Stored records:
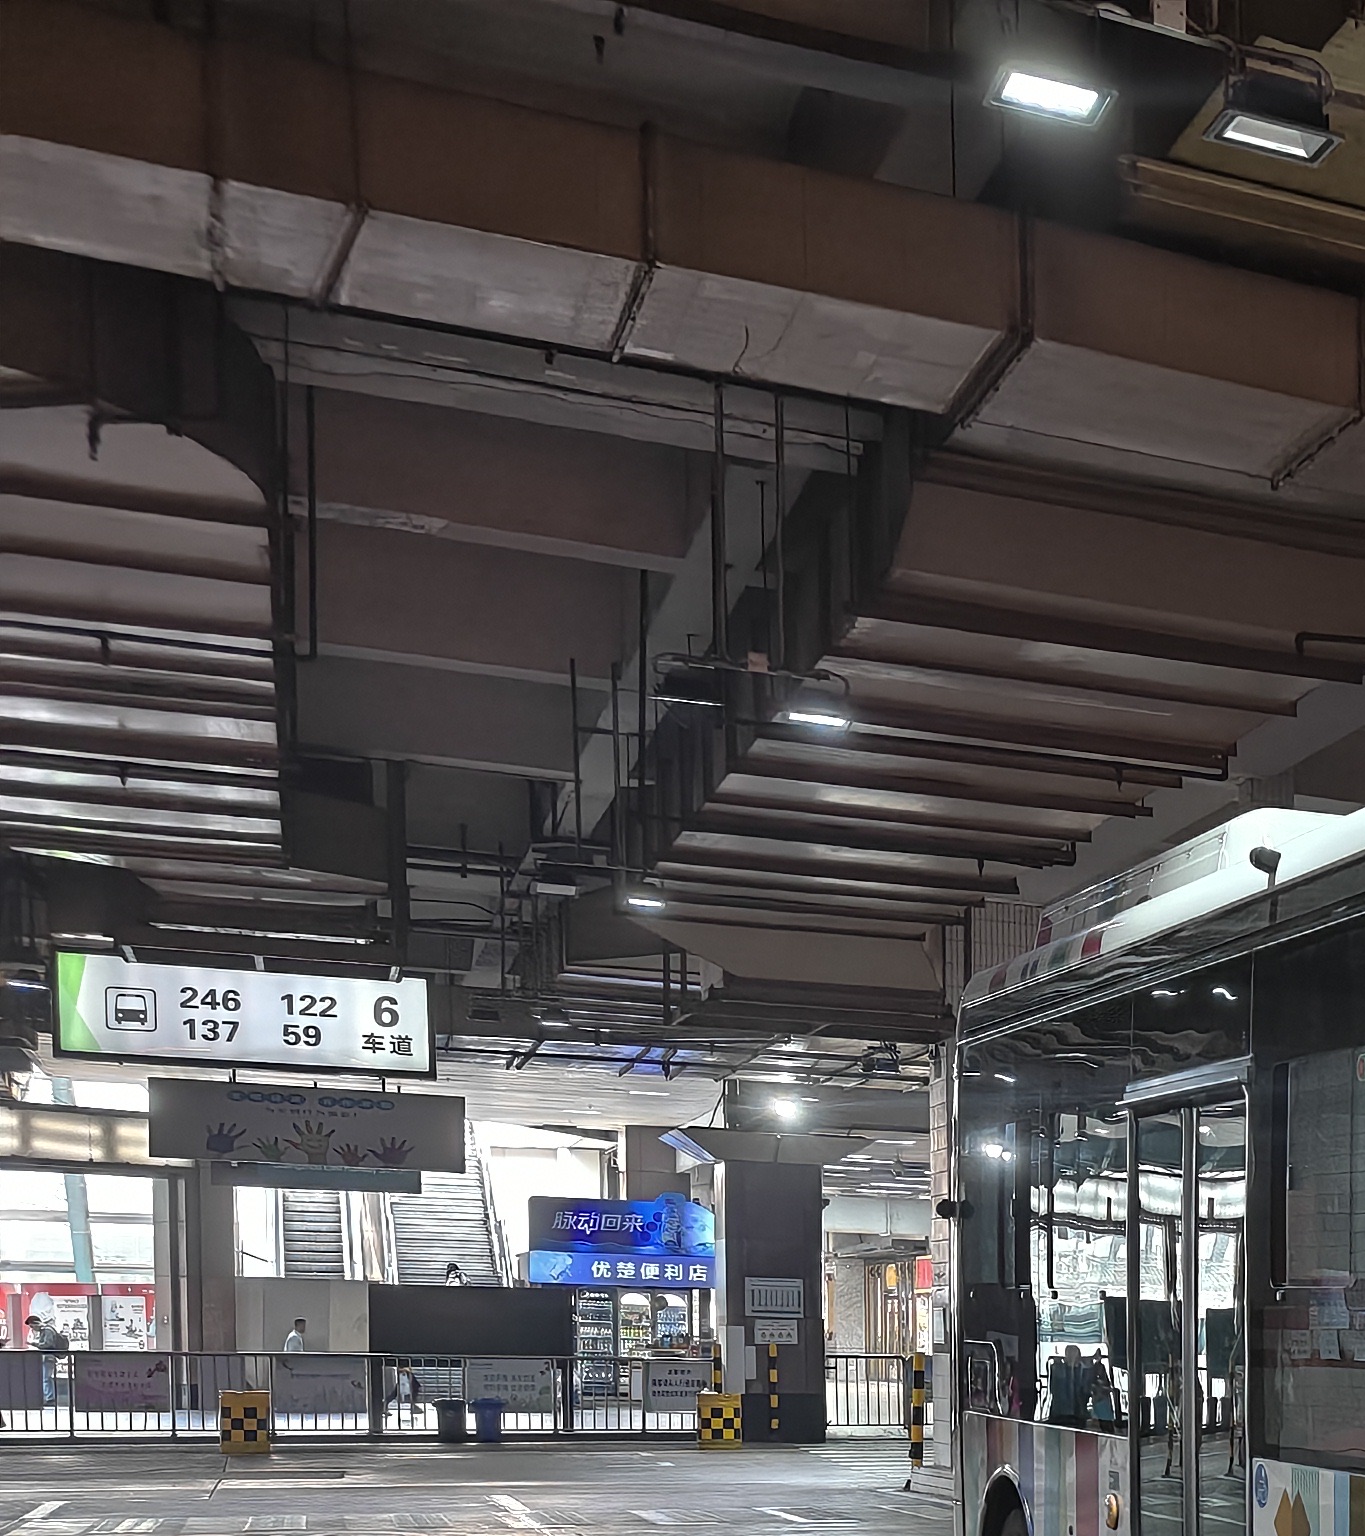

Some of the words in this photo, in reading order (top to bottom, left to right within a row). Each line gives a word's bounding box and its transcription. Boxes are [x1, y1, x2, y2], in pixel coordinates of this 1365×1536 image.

[179, 986, 242, 1012] 246
[280, 993, 339, 1018] 122
[373, 995, 400, 1028] 6
[182, 1018, 240, 1043] 137
[282, 1023, 323, 1047] 59
[361, 1032, 414, 1057] 车道
[551, 1211, 645, 1235] 脉动回来
[591, 1260, 709, 1282] 优楚便利店
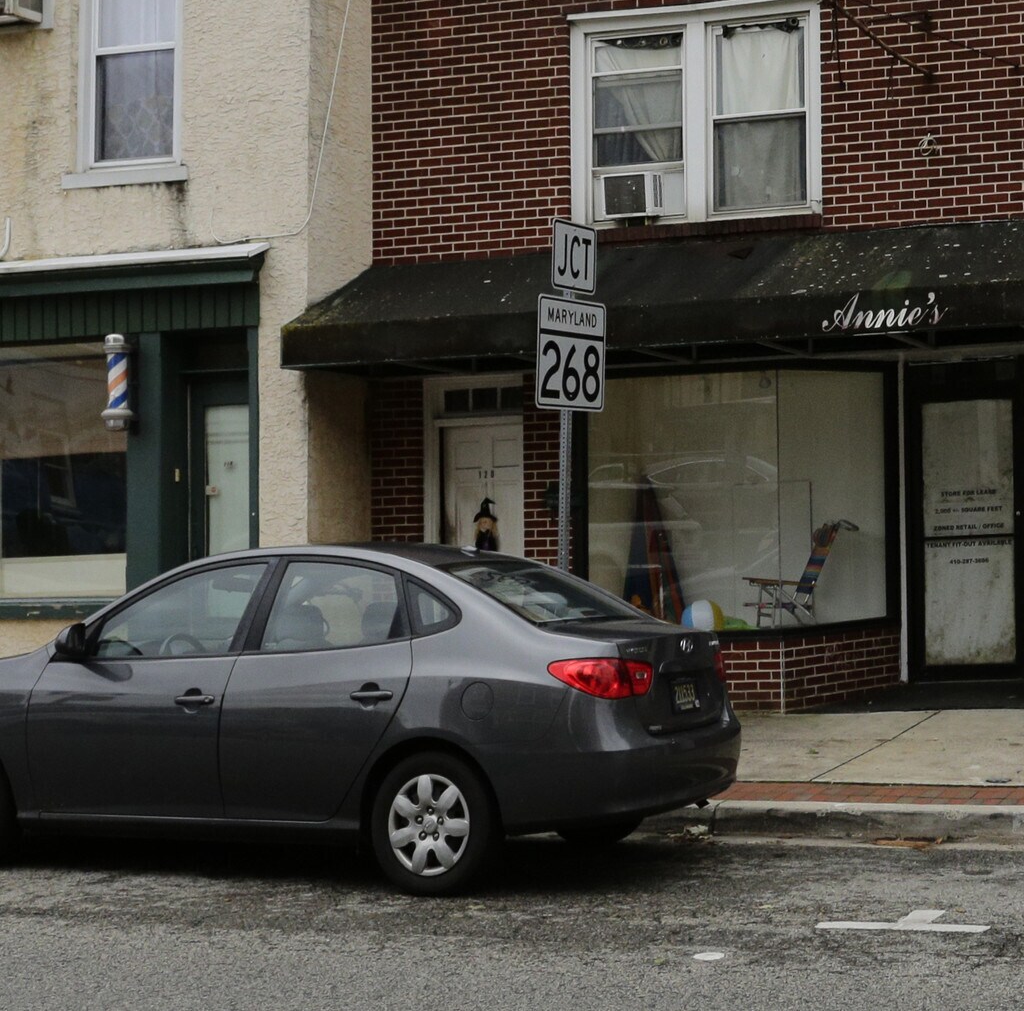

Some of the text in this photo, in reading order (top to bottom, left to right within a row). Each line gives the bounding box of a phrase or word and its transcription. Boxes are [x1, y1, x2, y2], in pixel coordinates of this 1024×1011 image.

WHAT YOU HAVE TO DO: Wherever an image appears, omit it; copy the rest of the records exactly.

RESULT FOR THIS EXERCISE:
Some of the words in this photo, in reading order (top to bottom, left to right within a row). Each line gives a word's bounding box and its transcription. Boxes are [x1, y1, x2, y2], in pixel coordinates of this 1365×1536 image.

[179, 986, 242, 1012] 246
[280, 993, 339, 1018] 122
[373, 995, 400, 1028] 6
[182, 1018, 240, 1043] 137
[282, 1023, 323, 1047] 59
[361, 1032, 414, 1057] 车道
[551, 1211, 645, 1235] 脉动回来
[591, 1260, 709, 1282] 优楚便利店

Some of the text in this photo, in reading order (top to bottom, left to right within a row). Each line gives the bounding box of a phrase or word and its transcription. Boxes are [x1, y1, x2, y2], in pixel coordinates of this 1024×1011 image.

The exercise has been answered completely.